Celebrating Diversity - Jen Skidmore

  • Jen and partner, Luke (he/him), posing with their orange tabby named Mango. She’s pictured here not wanting to pose for a holiday photo.

Celebrating Diversity

June: PRIDE Month

In the College of Engineering, all are welcome. To better share the stories of how our faculty, staff, students and alumni are diverse in their many varying forms, we are celebrating various heritage and other nationally recognized months. This recognition will include stories about those in our greater engineering community, as well as sharing events and other opportunities.


Jen Skidmore standing in front of the Rocky Mountains in Colorado.

Jen Skidmore

Director of Student Development, Engineering Student Services

Name, Hometown, Pronouns, and any Identity/-ies you wish to share that are relevant to Pride Month.

I’m Jen Skidmore, I use they/them and she/her pronouns, and I’m originally from Corpus Christi, TX. I came out as queer as a teenager while living in a suburb outside of Houston, TX, and had a difficult time finding support and community. I saw going to college as a way to find more acceptance and community, and that’s why I work in higher education now – to create communities and support for students who maybe don’t have that elsewhere. It wasn’t until a few years ago that I came to understand my gender identity as a trans nonbinary person. I live in Omaha with my partner, Luke (he/him), and our cat, Mango.

Q: What is your role in the College of Engineering – and what do you enjoy (love!) about what you are doing? This can include groups you are involved in.

A: I am director of student development in Engineering Student Services. This means that across both our campuses I oversee Engineering Career Services, founded and direct the Multicultural Engineering Program and Women in Engineering Program, lead some of the seminars a lot of our students take first and second year, and put on a lot of programs to welcome and orient students to the college. I love coaching students around their goals and challenging them to work toward developing the Complete Engineer competencies.

I also love advising oSTEM @ Nebraska, for queer and trans students in STEM fields at UNL! It was founded by an Engineering student in 2017, Lindsay Jarema, who asked me to be their advisor. It’s one of my favorite communities on campus. They’re fantastic advocates for inclusion and help support each other a great deal in their personal and professional pursuits. I’m part of a few other groups at UNO and UNL that work to support more inclusive policies and provide training and education around gender identity and sexual orientation. It’s a very fulfilling use of my time and teaches me a lot along the way, too.
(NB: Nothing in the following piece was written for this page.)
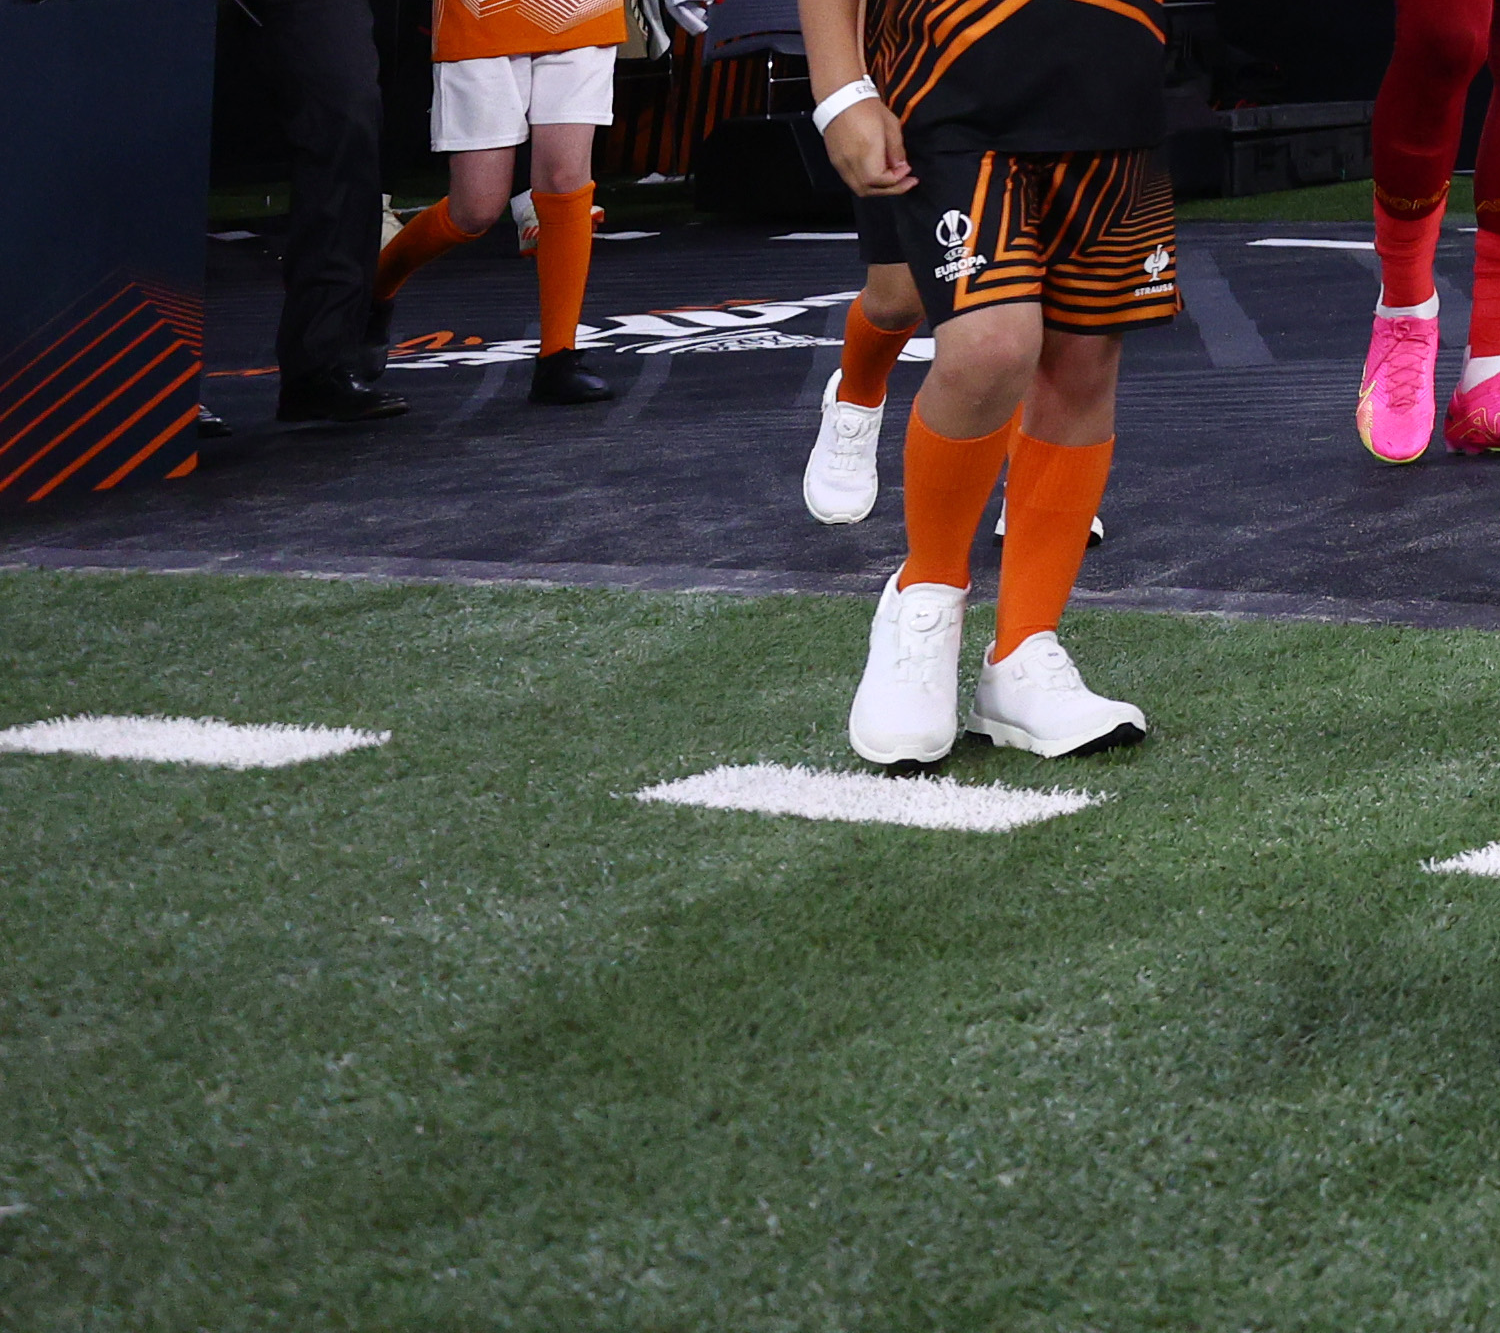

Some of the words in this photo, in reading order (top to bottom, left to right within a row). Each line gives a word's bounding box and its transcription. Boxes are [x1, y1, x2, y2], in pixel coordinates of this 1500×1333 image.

[934, 254, 988, 280] EUROPA
[944, 266, 977, 283] LEAGUE
[1134, 281, 1175, 298] STRAUSS
Q: What does Pride mean to you, especially as a member of the College of Engineering community?

A: Pride, to me, is a complicated word. I think a lot about who has the freedom and privileges to be out and visible, and what standards of queer and trans identities are uplifted and celebrated most publicly. I think about folks who don’t feel safe being out in many communities. I believe that pride is a movement and a protest for more freedoms for queer and trans folks everywhere, and an act of solidarity with those who are not able to be out for any reason. It’s a rally against fear and invisibility. It’s a call to action for anyone on the sidelines to help make spaces more inclusive for queer and trans people, so that we can be safe, celebrated, and proud to be who we are.
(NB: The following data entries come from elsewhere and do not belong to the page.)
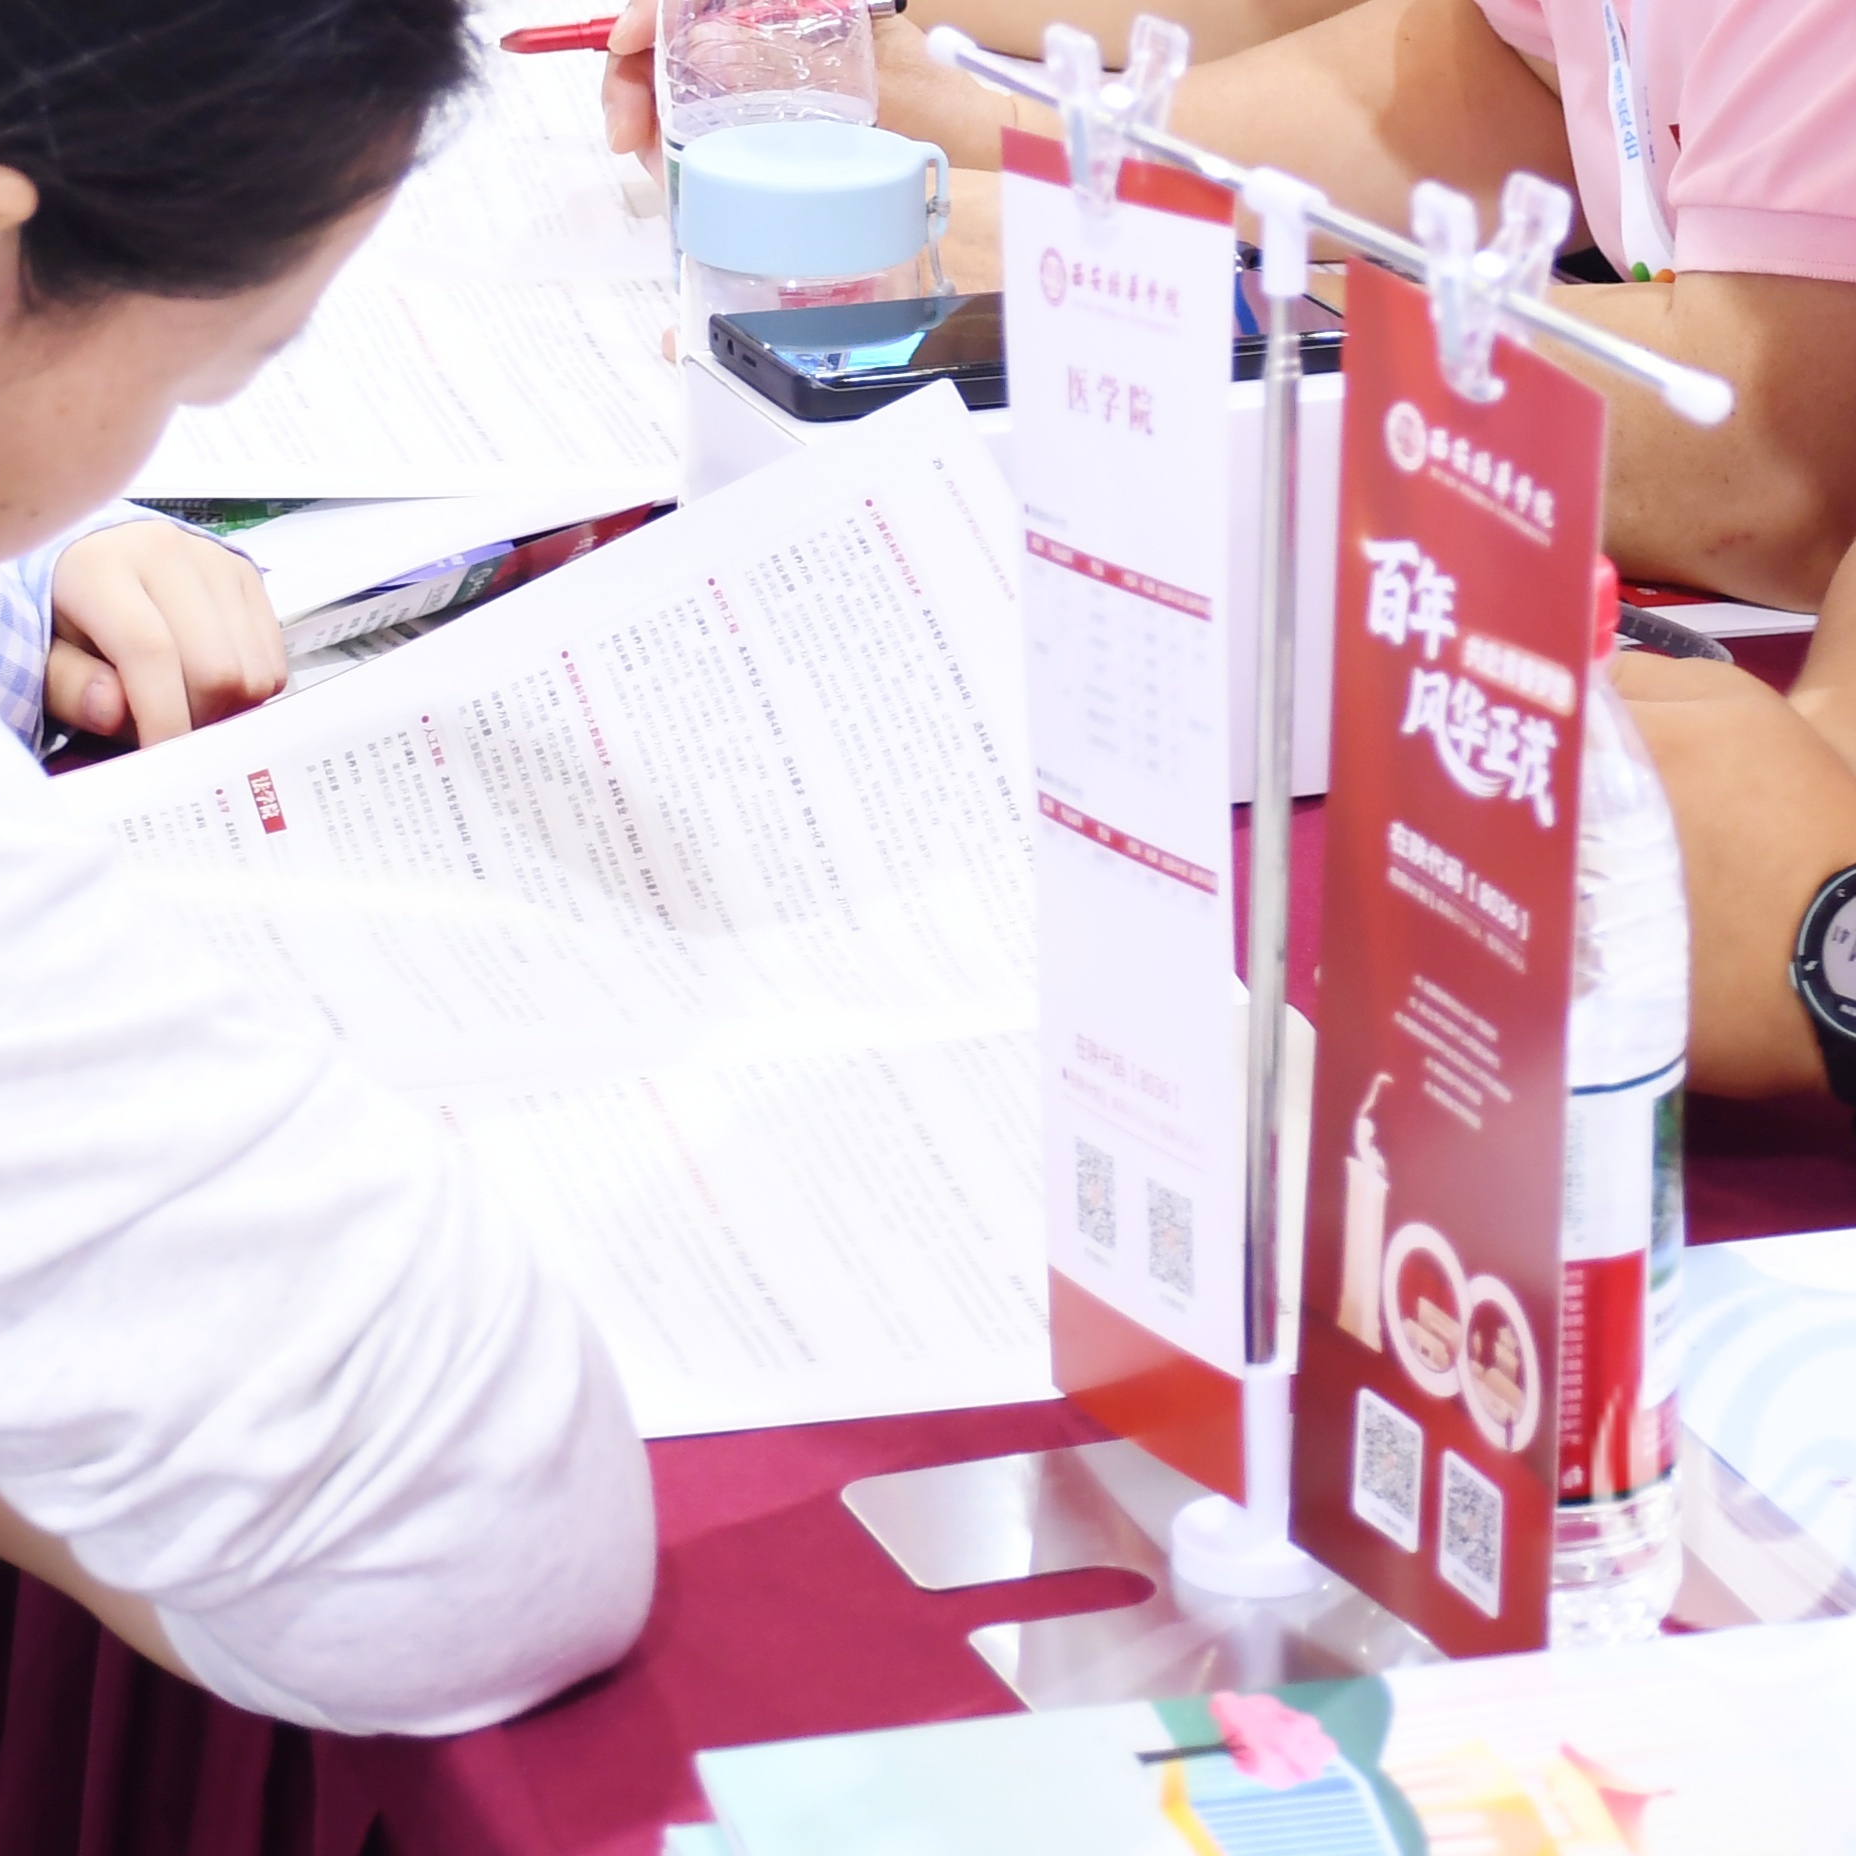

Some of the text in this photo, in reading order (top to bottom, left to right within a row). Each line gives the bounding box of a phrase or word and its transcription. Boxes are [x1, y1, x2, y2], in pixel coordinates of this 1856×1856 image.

[1067, 366, 1155, 436] 医学院
[711, 587, 740, 635] 软件工程
[1360, 537, 1458, 661] 百年
[422, 726, 446, 767] 人工智能
[1402, 668, 1560, 829] 风华正茂
[250, 774, 281, 819] 法学院
Within the College of Engineering, I’m proud to be out and visible because of the ways my visibility has created space for and will continue to create space for more LGBTQIA+ students, faculty, and staff to join in making this community better. It’s not always easy. Being out is hard, coming out is hard. Not everyone has a workplace or even a home where they can be out about their gender identity and sexual orientation. I’m very lucky I have support from many people in the college to show up as my authentic self (shout out to Emily Griffin Overocker, Bonnie Martin, Jayde McWilliams, and Emili Jones especially!). Students we serve say it makes an impact. I’ll never forget the students who have told me that my pronouns on my courses’ syllabi have made them feel so empowered and valid, helped them feel like they do belong here. I feel that if my visibility, even if it’s hard sometimes, can help pave the way for others with less privilege than myself to have fewer barriers, then I can be proud of the impact I’ve had.

Q: How can others in the engineering community (on and off campus) be allies to you and others in the LGBTQIA+ community?

A: There are so many actions everyone can take to make our spaces in the college better for queer and trans folks.
  • First, use your pronouns everywhere, and never assume someone’s identities and pronouns. Make it a habit. It goes a long way, I promise.
  • Second, if you teach, tell your students in advance of class how you take roll, and welcome anyone who uses a name or pronouns different than what’s on your roster to contact you.
  • Third, remove binary gender from all forms, surveys, course materials and websites (like male/female options or using he/she). We have a Nebraska University system-wide policy around this now.
  • Fourth, go to a training – UNL’s LGBTQA+ Center and UNO’S Gender and Sexuality Resource Center both have great offerings.
  • And fifth, be open to continued learning, but put compassion first. Even if you don’t fully understand an identity doesn’t mean you can’t engage respectfully with someone who holds that identity. We’re all going to mess up. It’s not about being perfect, it’s about trying your best and correcting yourself when you do mess up. And in the meantime, keep learning with the resources above! We can all do better.